→ **What you need to do**
Please write out exactly the line containing "Some of the words" below and every line after it, through the last one, but leave out any pictures.

→ **Data section**

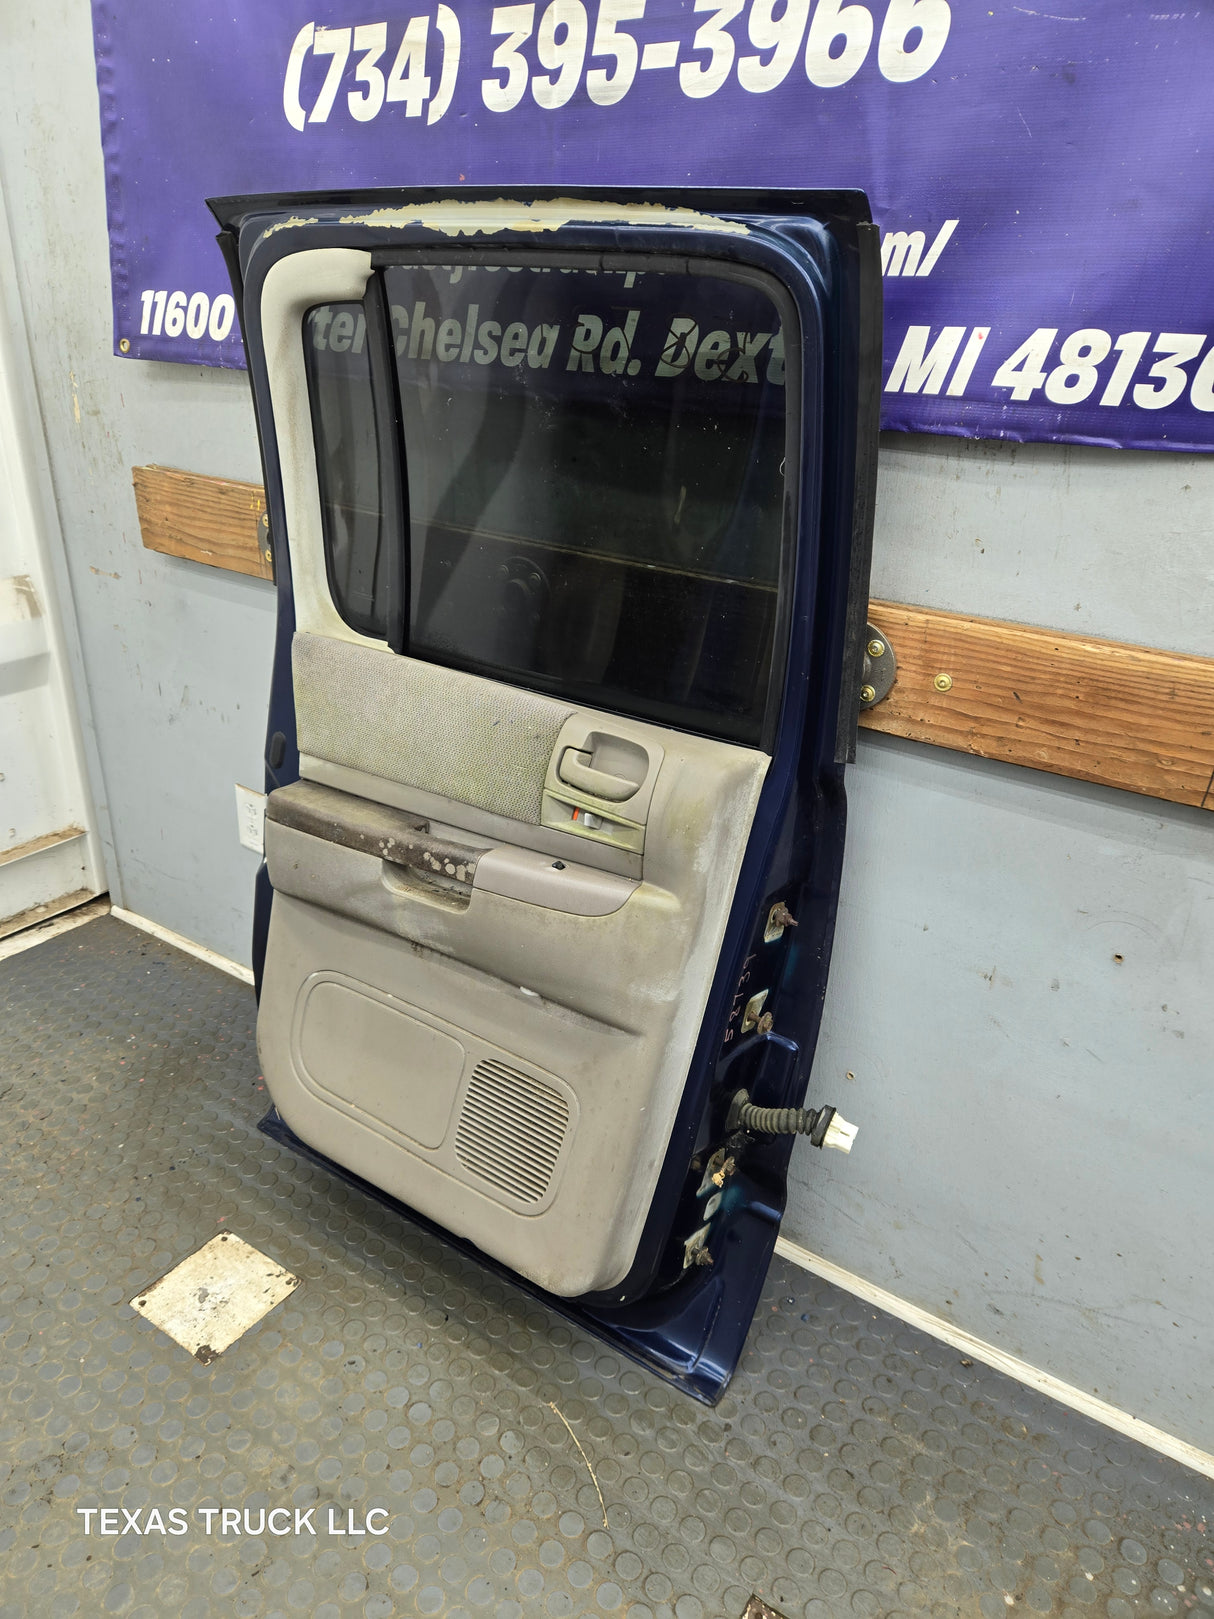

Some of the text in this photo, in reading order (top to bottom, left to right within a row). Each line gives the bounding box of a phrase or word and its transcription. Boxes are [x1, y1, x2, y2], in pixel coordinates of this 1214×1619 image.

[283, 0, 952, 131] (734) 395-3966
[880, 219, 960, 276] m/
[140, 289, 235, 342] 11600
[566, 309, 642, 377] Rd.
[654, 317, 786, 385] Dext
[885, 325, 991, 396] MI
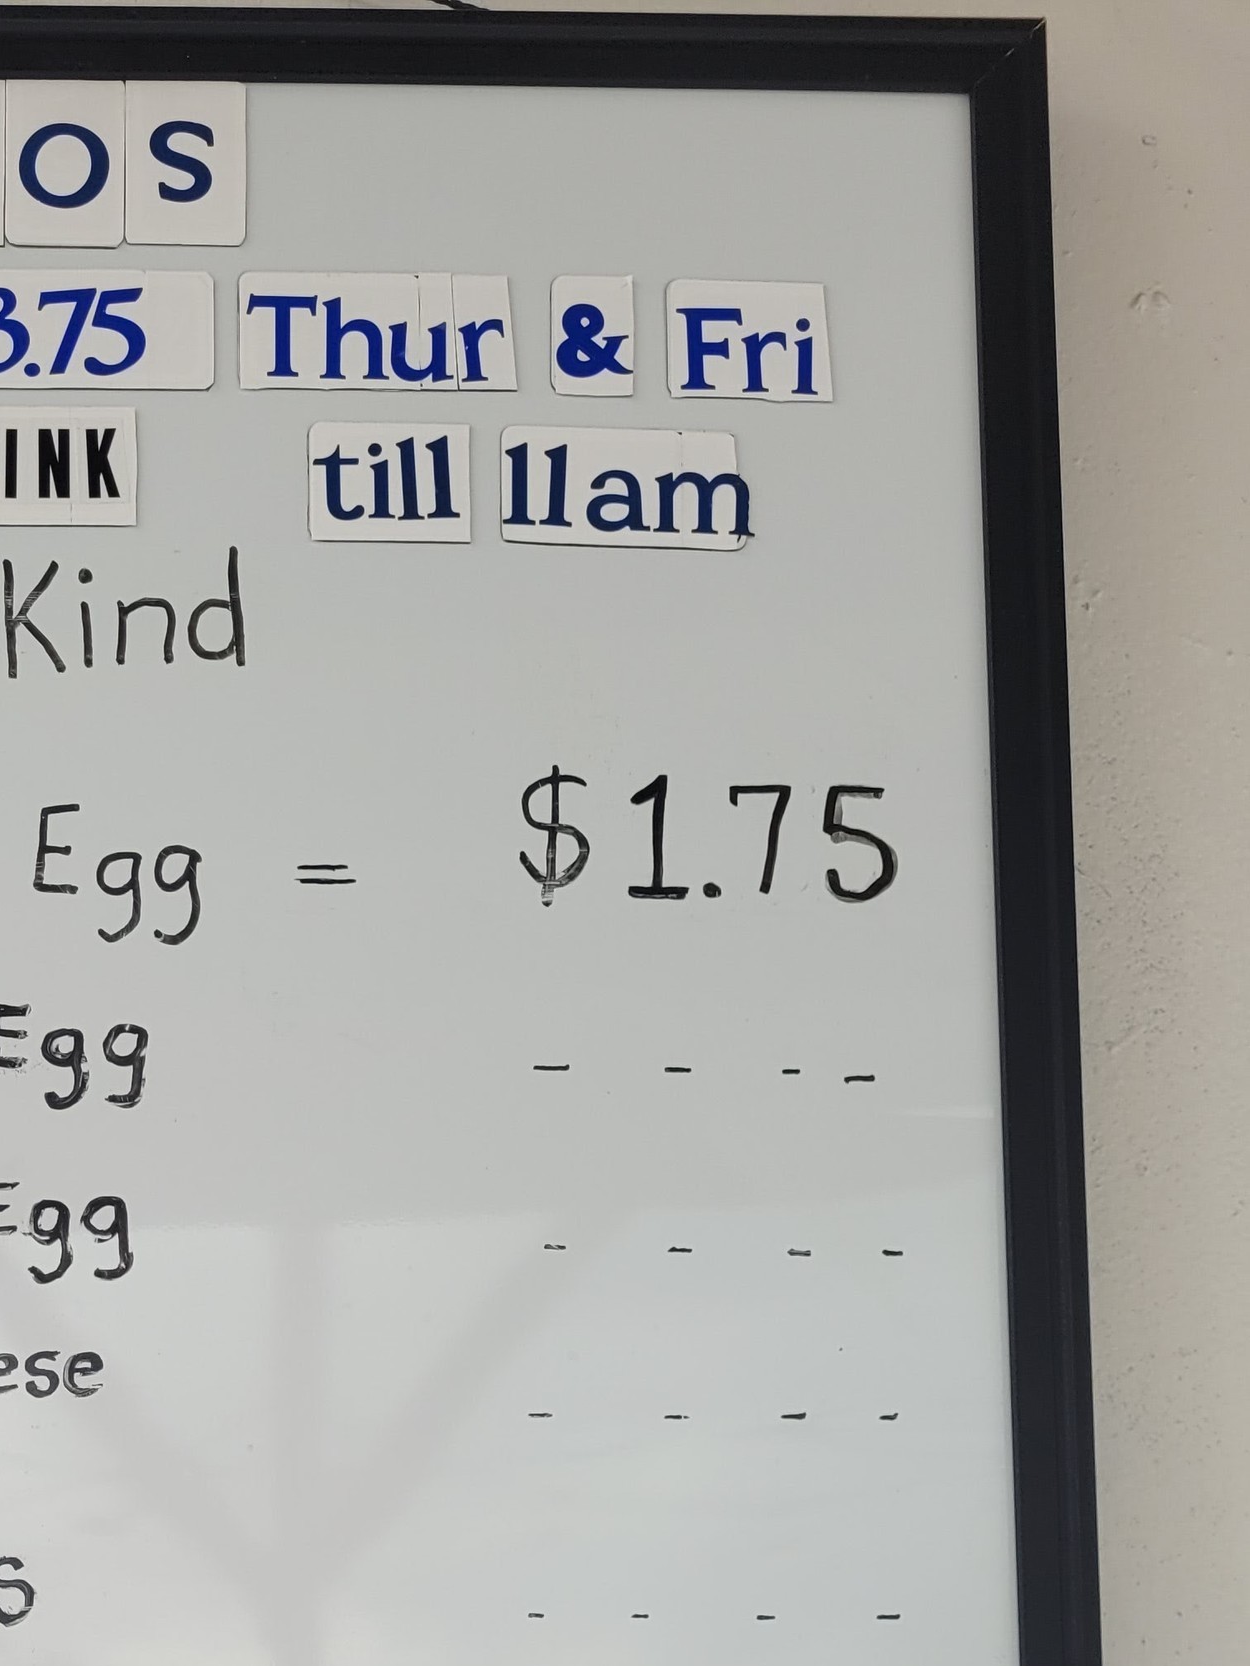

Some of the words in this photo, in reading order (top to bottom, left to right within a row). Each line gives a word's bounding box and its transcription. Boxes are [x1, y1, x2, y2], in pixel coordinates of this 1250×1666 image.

[245, 292, 506, 384] Thur
[554, 302, 635, 379] &
[674, 306, 820, 397] Fri
[311, 434, 462, 522] till
[1, 544, 247, 680] Kind
[31, 802, 204, 947] Egg
[518, 763, 899, 904] $1.75
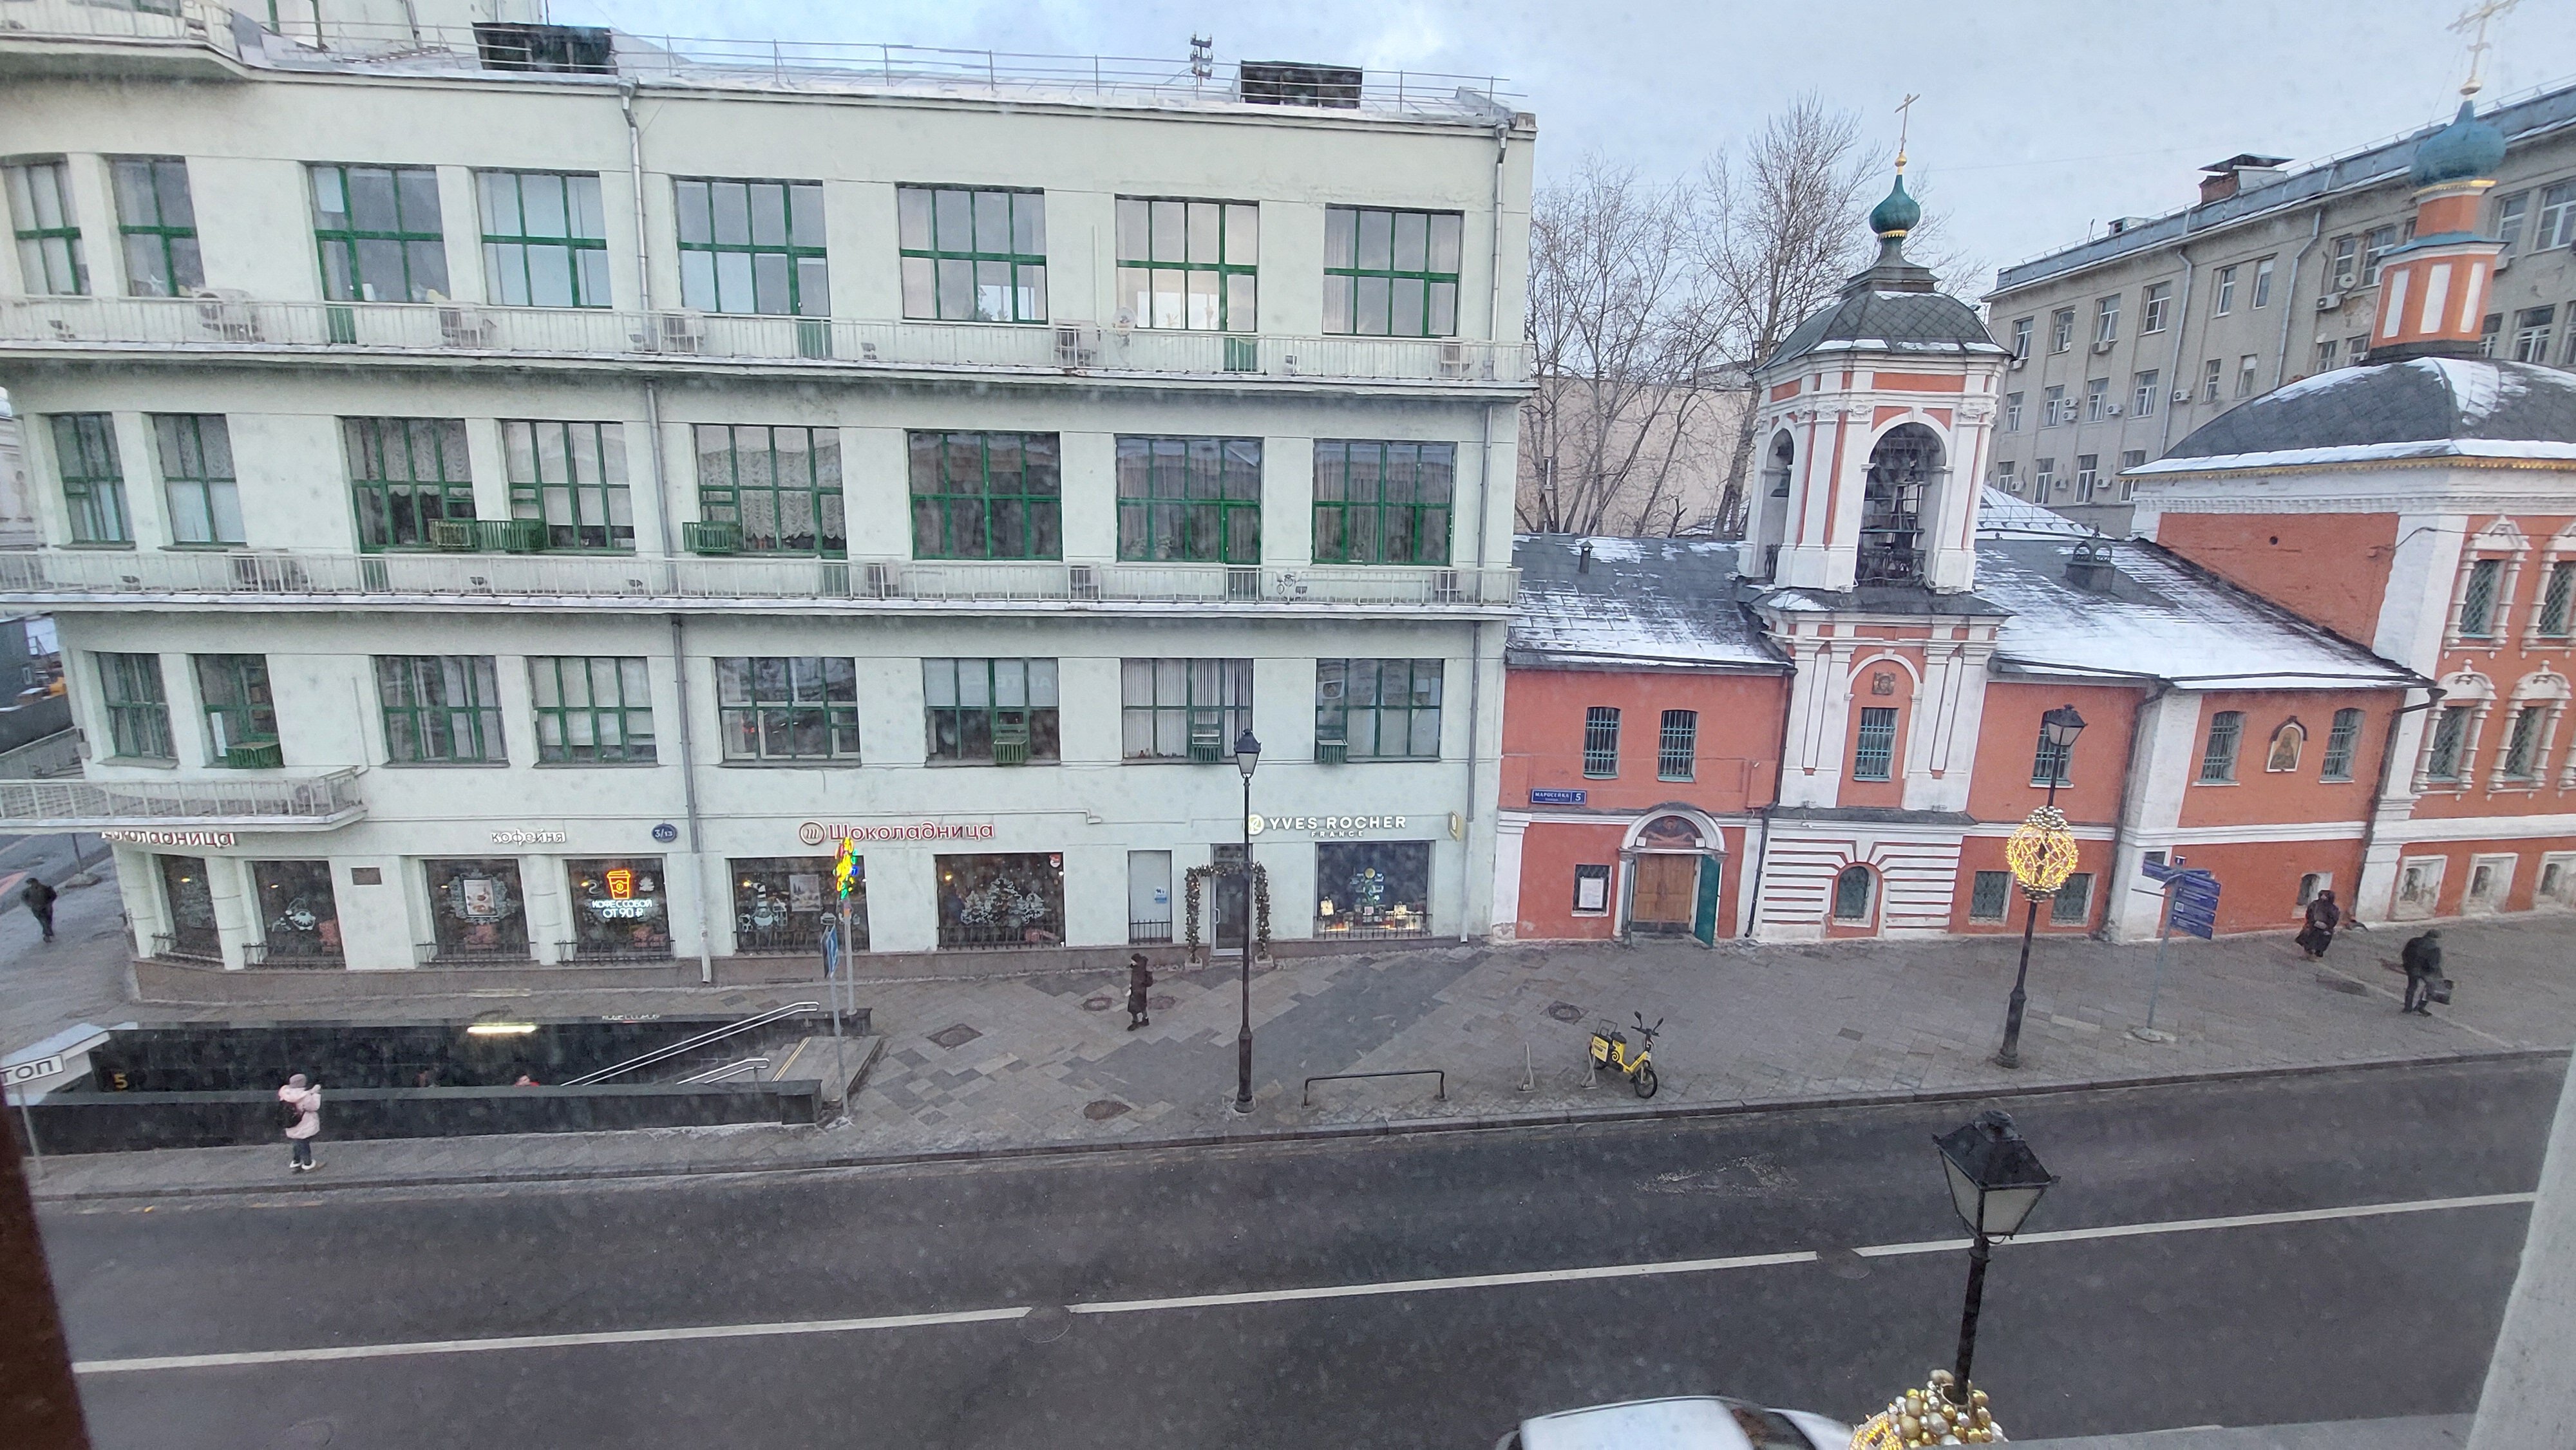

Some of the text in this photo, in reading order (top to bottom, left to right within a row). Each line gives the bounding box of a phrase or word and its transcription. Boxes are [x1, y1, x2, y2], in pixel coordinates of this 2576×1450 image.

[828, 821, 995, 842] Шоколадница
[1269, 817, 1318, 831] YVES
[1327, 816, 1406, 829] ROCHER
[101, 831, 236, 848] околадница
[491, 829, 566, 847] кофейня
[592, 899, 652, 909] КОФЕ С СОБОЙ
[603, 908, 618, 918] ОТ
[619, 908, 634, 918] 90
[113, 1073, 129, 1089] 5

→ **Solution**
Some of the words in this photo, in reading order (top to bottom, left to right within a row). Each line gives a word's bounding box and its transcription. Boxes are [x1, y1, x2, y2], in pixel coordinates of this 1250×1666 image.

[245, 292, 506, 384] Thur
[554, 302, 635, 379] &
[674, 306, 820, 397] Fri
[311, 434, 462, 522] till
[1, 544, 247, 680] Kind
[31, 802, 204, 947] Egg
[518, 763, 899, 904] $1.75

Some of the text in this photo, in reading order (top to bottom, left to right within a row). Each line gives the bounding box of a phrase or word and its transcription. Boxes are [x1, y1, x2, y2], in pixel coordinates of this 2576×1450 image.

[828, 821, 995, 842] Шоколадница
[1269, 817, 1318, 831] YVES
[1327, 816, 1406, 829] ROCHER
[101, 831, 236, 848] околадница
[491, 829, 566, 847] кофейня
[592, 899, 652, 909] КОФЕ С СОБОЙ
[603, 908, 618, 918] ОТ
[619, 908, 634, 918] 90
[113, 1073, 129, 1089] 5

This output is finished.